Investing wisely early on sets up the procurement transformation for better success. To get ready for this, here are a few important points to remember:
- Discover trustworthy partners: Outsourcing can represent a way to get desired results, but only if the other company meets your standards. Whatever the connection, they will likely require strong supplier relationship management to coordinate all of the major actions needed to master a complex chain. Researching the company involved in outsourcing will inform the process as you commit to a new business setup for what could be a long-term engagement.
- Never stop monitoring: From the very beginning, your company can prepare to grow by using audits to assess potential problems. The key to improvement is not to give up, and to build it into procurement as an expectation. Placing this at the beginning will make it a regular part of the procurement and logistics side of the business. It will also set the precedent and focus on data for better knowledge of each sector.
- Roadmaps will help: Ideally, transformation will come with a detailed plan for achieving specific tech goals.

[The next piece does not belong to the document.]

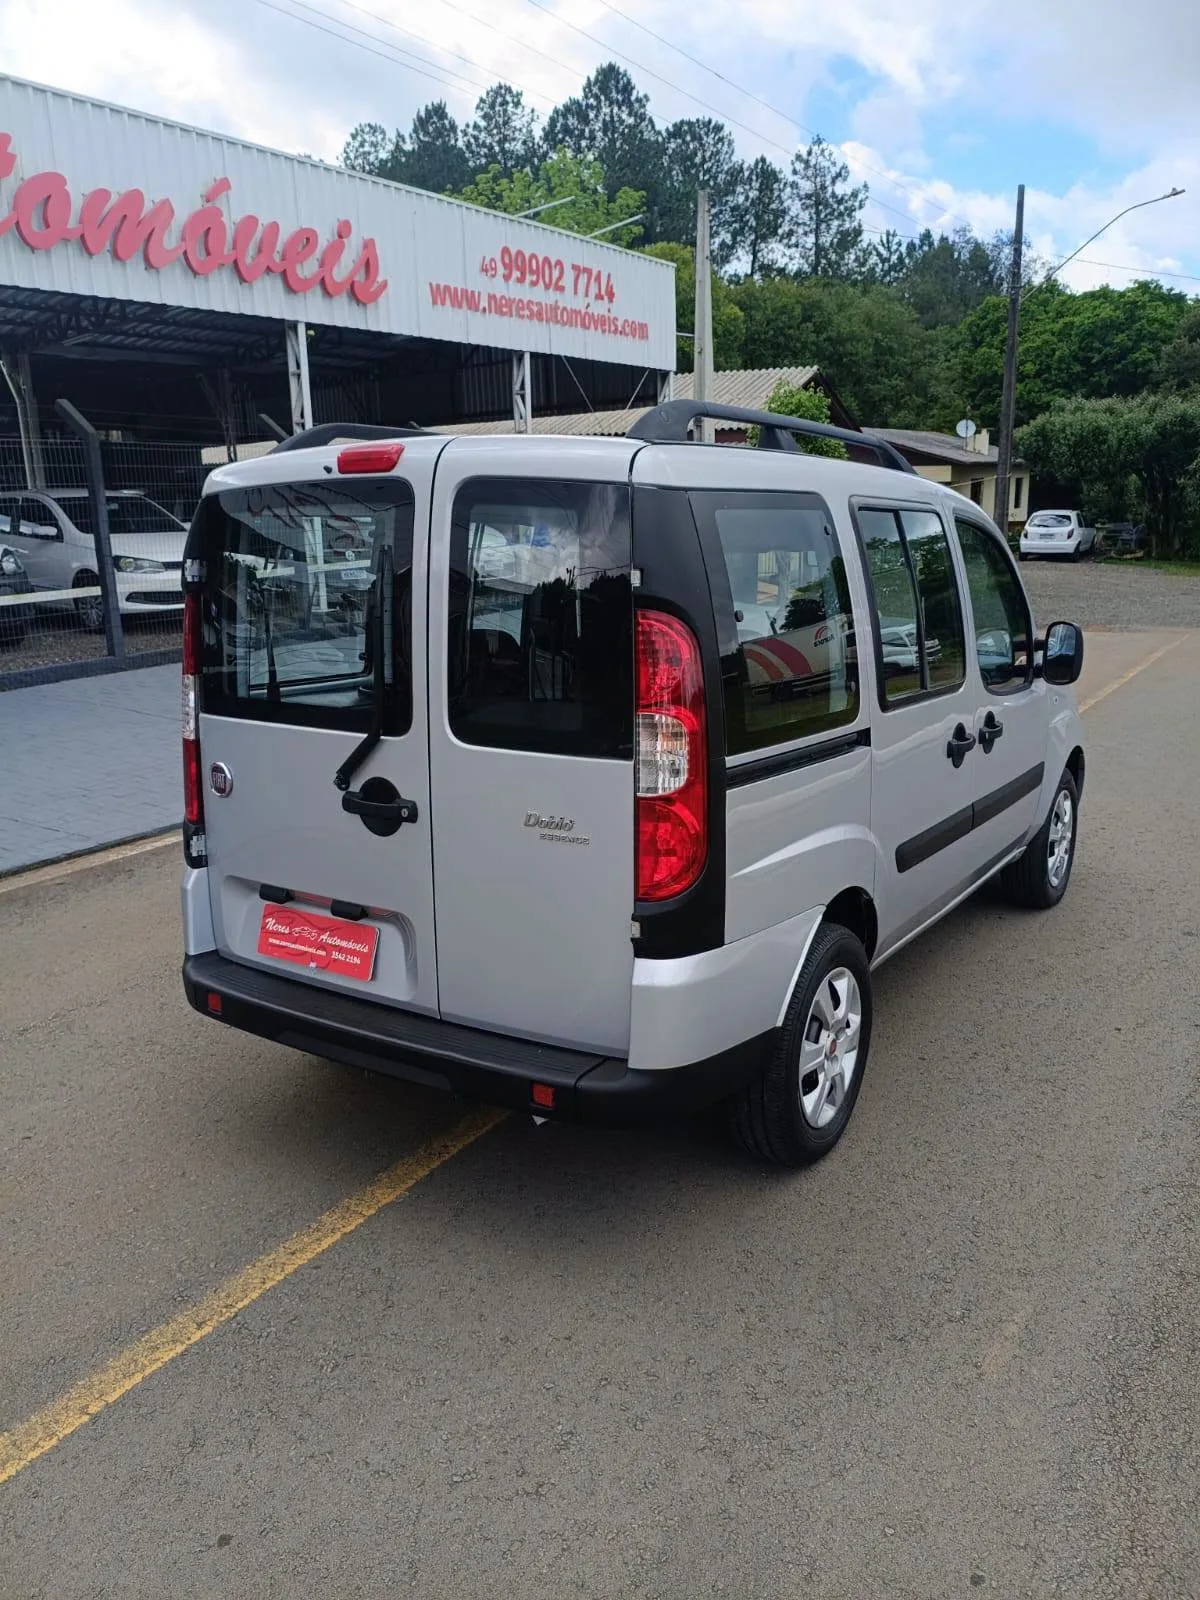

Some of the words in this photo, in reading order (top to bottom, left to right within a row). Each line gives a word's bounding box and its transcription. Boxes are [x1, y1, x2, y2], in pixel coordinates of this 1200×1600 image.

In addition to a timeline, this sort of layout should also include a look at the specific cost benefits of the new strategy. Both employees and the tools they use can function better if a strategy dictates the proper development.
- Tie it all to your larger business model: What is your largest source of revenue, and where are most of your orders coming from? Questions like this can dictate how you think of the supply chain, and which sources you work with. Online and ecommerce purchases are a major part of the modern consumer landscape, putting an emphasis on a tight, responsive chain. At the early stages, the business might be small enough that it can plan these efficiently, using the relatively small size of the business as an advantage. It's worth thinking of this in the positive rather than the negative.
- Understand the different vehicles needed: Depending on the timing and necessary routes, a company may have to work with current traffic conditions and other demands. The Wall Street Journal reported on the heavy volume of truck and rail traffic seen during this fall. October 2016 was shown to be a major month for retailer activity between different types of vehicles, making an already busy quarter of the year potentially more fraught.